Après le fiasco du dossier des sous-marins australiens et l’humiliation infligée par Joe Biden à la France lors du G20, il fallait bien recoller les morceaux entre les alliés historiques. Quoi de mieux que d’envoyer dans l'Hexagone l’icône Kamala Harris pour renouer les relations diplomatiques ? Les journalistes les plus téméraires se sont aventurés à une interprétation : vu l’âge avancé du président Biden, Kamala Harris serait venue rencontrer Emmanuel Macron pour préparer « l’après Joe ».

Mais le passage de la vice-présidente des États-Unis à Paris, où elle est reçue en grande pompe, n’a visiblement pas été à la hauteur des espérances de cette « opération reconquête ». Nos journalistes français ont avoué leur déception face au manque de popularité de Mme Harris aux États-Unis. Car les enquêtes d’opinion ne sont pas bonnes. Début novembre, un sondage USA Today/Suffolk révélait que seuls 28 % des Américains approuvent son mandat, soit dix points de moins que Joe Biden, qui n’est lui-même qu’à 38 %. En cinquante ans, ces chiffres n’ont jamais été aussi bas pour un vice-président.

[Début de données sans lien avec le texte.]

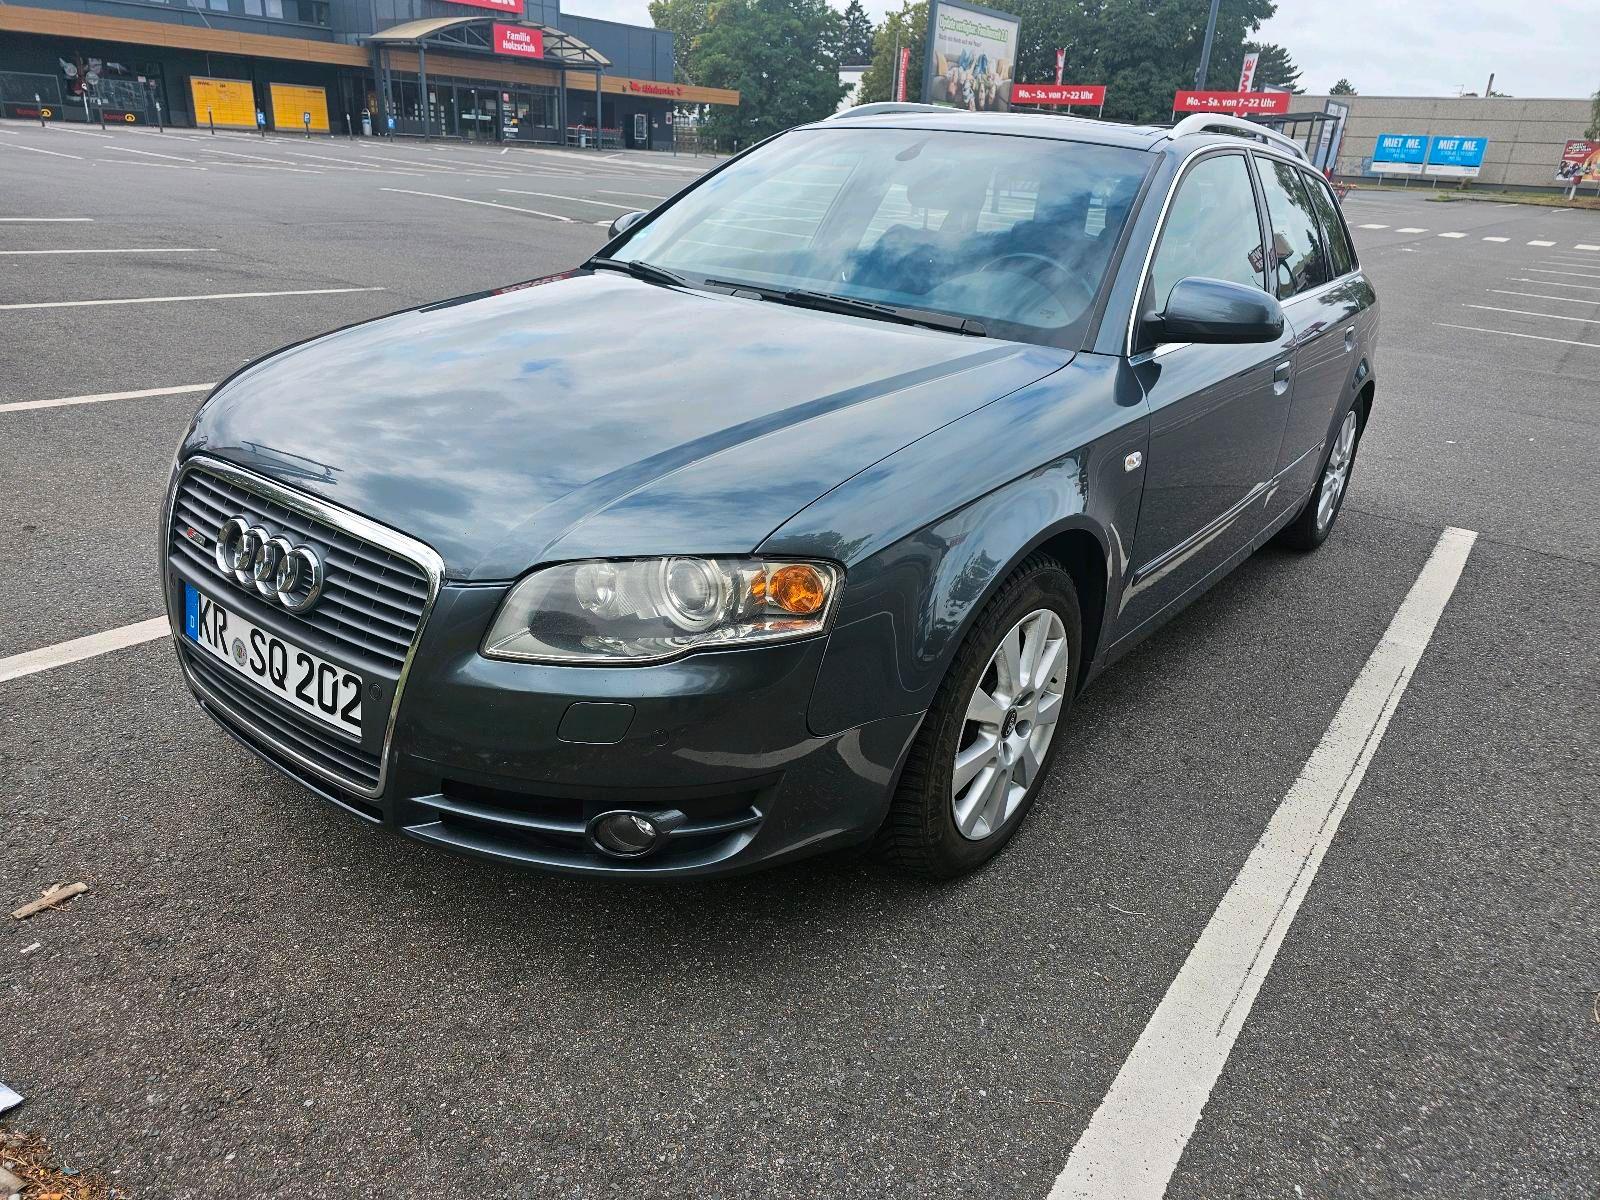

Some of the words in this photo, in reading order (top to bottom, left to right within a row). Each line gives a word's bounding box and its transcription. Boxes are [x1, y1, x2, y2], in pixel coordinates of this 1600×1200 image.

[506, 30, 531, 43] Familie
[502, 39, 536, 53] Holzschuh
[1018, 89, 1031, 98] Mo.
[1036, 90, 1047, 98] Sa.
[1081, 91, 1094, 100] Uhr
[1186, 96, 1201, 106] Mo.
[1208, 97, 1220, 107] Sa.
[1222, 99, 1237, 107] von
[1260, 98, 1276, 108] Uhr
[1383, 137, 1403, 148] MIET
[1405, 138, 1421, 149] ME.
[1438, 139, 1459, 151] MIET
[1462, 140, 1478, 151] ME.
[198, 592, 229, 656] KR
[249, 628, 289, 692] SQ
[295, 652, 362, 729] 202

Les commentateurs français y voient la « rançon de la gloire ». Tous conviennent désormais que la colistière de Joe Biden n’a pas été choisie pour ses qualités politiques mais parce qu’elle est une femme et qu’elle est métisse. Issue de la grande bourgeoisie californienne, la vice-présidente est effectivement fille d’un économiste originaire de Jamaïque, professeur à l’université Berkeley, et d’une biologiste indienne.

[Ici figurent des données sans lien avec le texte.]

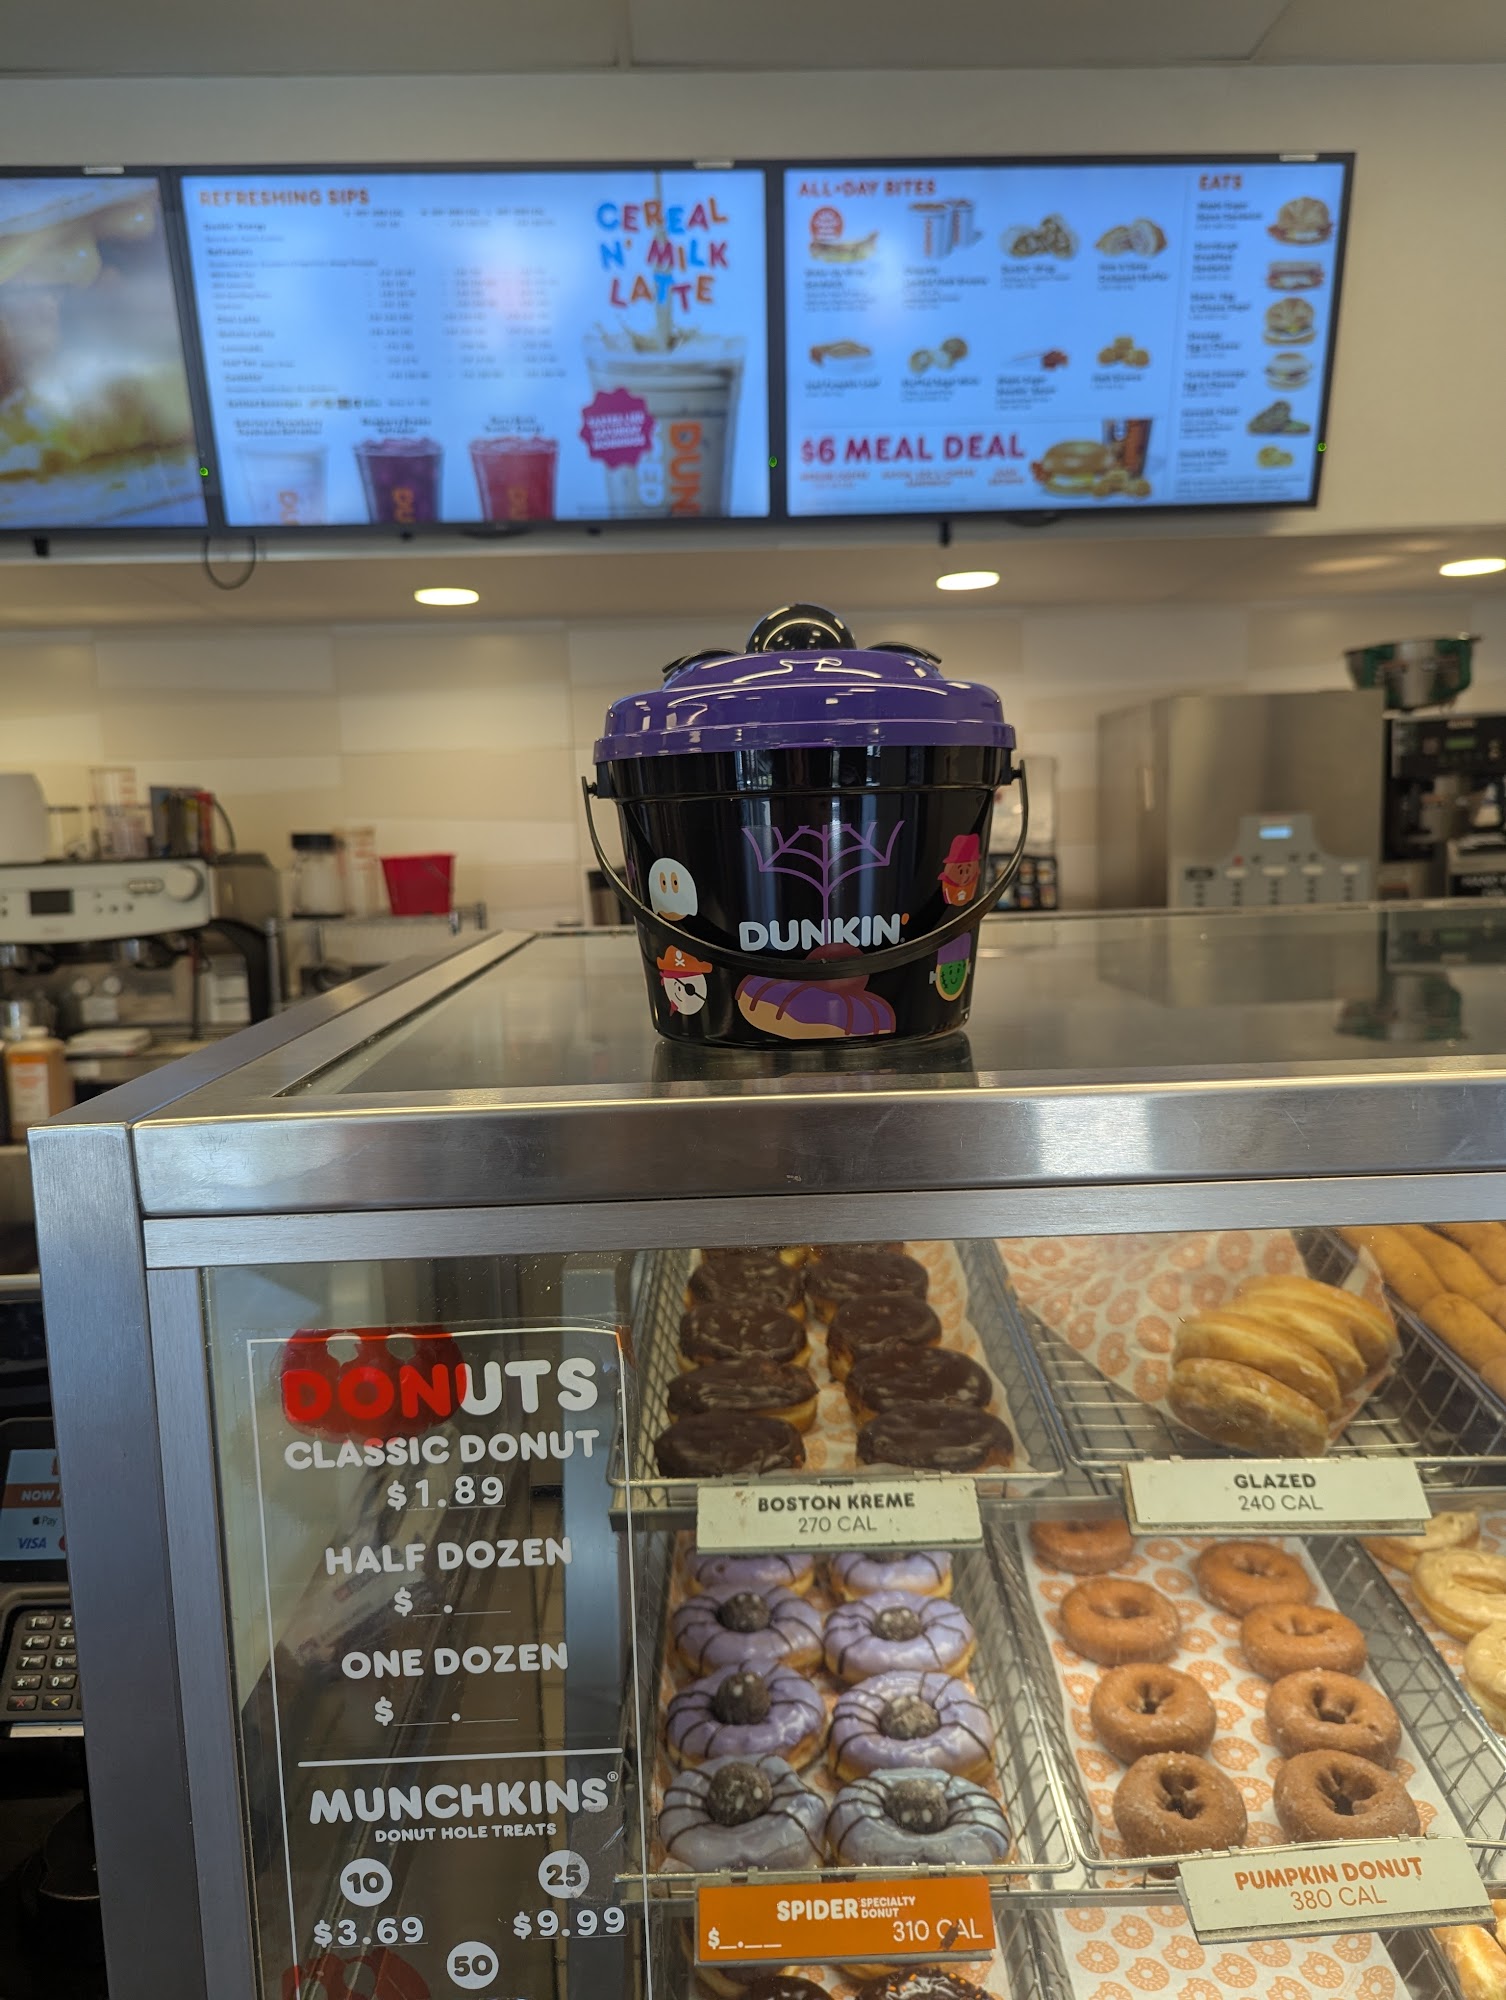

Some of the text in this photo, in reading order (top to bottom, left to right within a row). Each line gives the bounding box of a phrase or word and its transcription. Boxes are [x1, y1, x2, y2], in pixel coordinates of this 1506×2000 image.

[884, 177, 937, 196] BITES
[1199, 173, 1243, 191] EATS
[200, 188, 370, 206] REFRESHING SIPS
[597, 197, 728, 234] CEREAL
[646, 239, 729, 272] MILK
[609, 274, 715, 312] LATTE
[801, 433, 1025, 465] $6 MEAL DEAL
[281, 1356, 598, 1421] DONUTS
[284, 1429, 600, 1470] CLASSIC DONUT
[1234, 1473, 1316, 1489] GLAZED
[22, 1489, 55, 1501] NOW
[387, 1475, 505, 1511] $1.89
[758, 1492, 915, 1512] BOSTON KREME
[1238, 1495, 1324, 1511] 240 CAL
[41, 1515, 57, 1527] Pay
[798, 1515, 878, 1532] 270 CAL
[18, 1537, 47, 1549] VISA
[325, 1537, 572, 1575] HALF DOZEN
[31, 1617, 37, 1628] 1
[63, 1617, 72, 1627] 2
[25, 1637, 33, 1647] 4
[59, 1637, 68, 1647] 5
[22, 1656, 30, 1667] 7
[55, 1656, 63, 1667] 8
[341, 1642, 569, 1680] ONE DOZEN
[375, 1822, 557, 1843] DONUT HOLE TREATS
[347, 1872, 385, 1895] 10
[546, 1864, 583, 1887] 25
[1234, 1856, 1423, 1890] PUMPKIN DONUT
[777, 1896, 916, 1921] SPIDER SPECIALTY
[1290, 1885, 1388, 1911] 380 CAL
[513, 1906, 626, 1940] $9.99
[861, 1908, 899, 1918] DONUT
[313, 1916, 425, 1949] $3.69
[892, 1918, 984, 1942] 310 CAL
[453, 1954, 494, 1977] 50

« Kamala Harris a eu tous les postes. Elle n’a jamais connu de plafond de verre », explique l’un de ses biographes, Olivier Piton, qui publiait, en septembre dernier, Kamala Harris : la pionnière de l’Amérique. Femme ambitieuse, elle fut procureur général de Californie de 2011 à 2017, puis sénatrice du même État jusqu’en 2021. Ses faits d’armes ? S’être vite positionnée sur les questions sociétales et progressistes, les droits des femmes et des minorités, jusqu’à devenir l’égérie du « wokisme ». En témoigne, d’ailleurs, sa biographie Twitter, où elle s’affiche comme « she/her ».

En conséquence, elle est systématiquement critiquée par le camp conservateur. Pour Mike Pompeo, secrétaire d’État du président Trump et ancien directeur de la CIA, « la vice-présidente déshonore les États-Unis sur la scène internationale ». Le mot est sévère mais non sans vérité lorsqu’il pointait, le 11 novembre dernier, son manque de consistance. Face aux regards chinois, ne parler que du genre, des inégalités ethniques et du climat n’est pas sérieux, estime le républicain. C’est même une preuve de faiblesse.

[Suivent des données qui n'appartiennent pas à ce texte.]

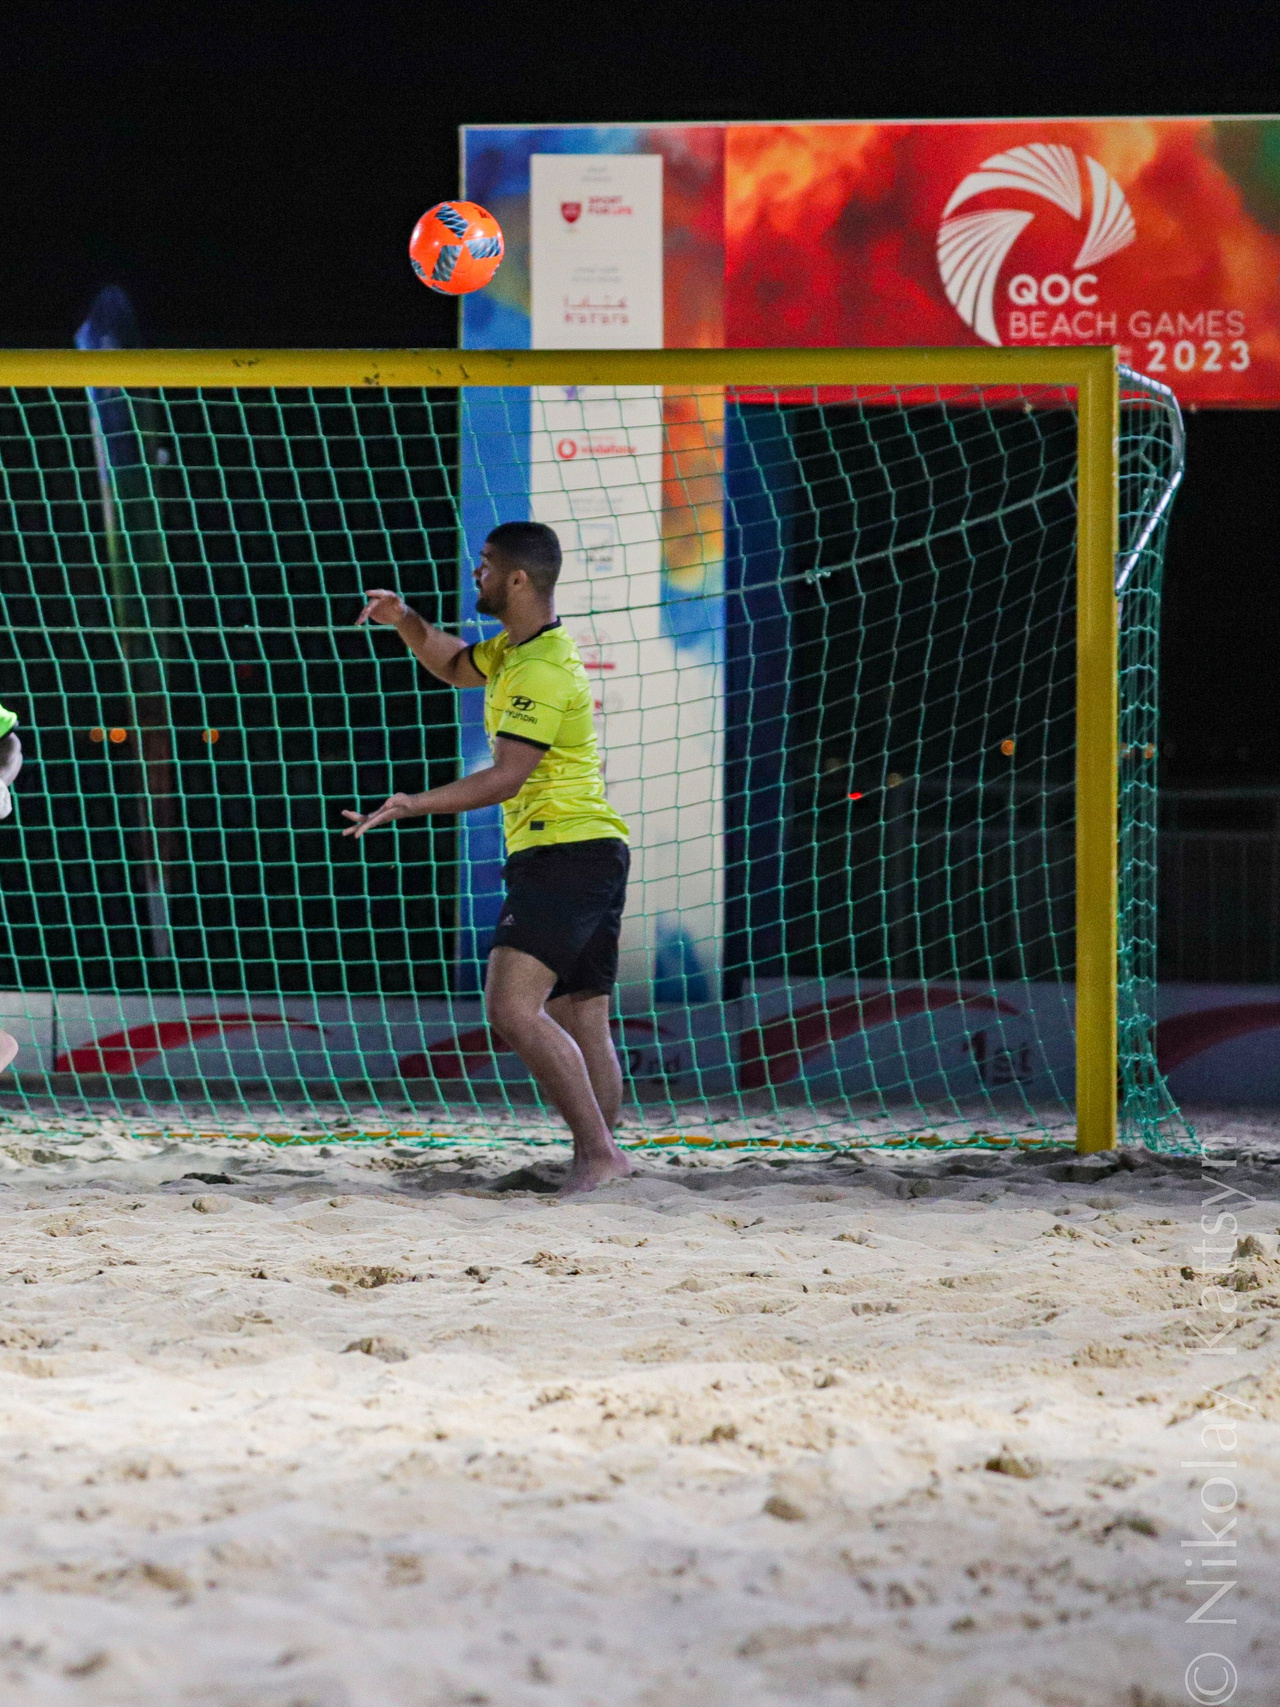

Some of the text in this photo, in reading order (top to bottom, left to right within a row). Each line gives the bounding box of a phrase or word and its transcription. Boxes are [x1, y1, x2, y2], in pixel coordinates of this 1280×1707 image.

[1008, 273, 1099, 305] QOC
[1009, 310, 1246, 339] BEACH GAMES
[1146, 339, 1251, 372] 2023

La désillusion Harris est patente, tant cette femme de 57 ans accumule erreurs et maladresses. La principale relève de l’immigration, dossier extrêmement difficile que lui a confié Joe Biden. Kamala Harris a attendu plusieurs mois avant de se rendre à la frontière mexicaine, plaisantant même lorsque les journalistes l’interrogeaient à ce sujet. Elle s’est également attirée les foudres de l’extrême gauche quand, lors de son voyage au Guatemala, elle a conseillé « Do not come » [« Ne venez pas », NDLR] aux potentiels futurs clandestins.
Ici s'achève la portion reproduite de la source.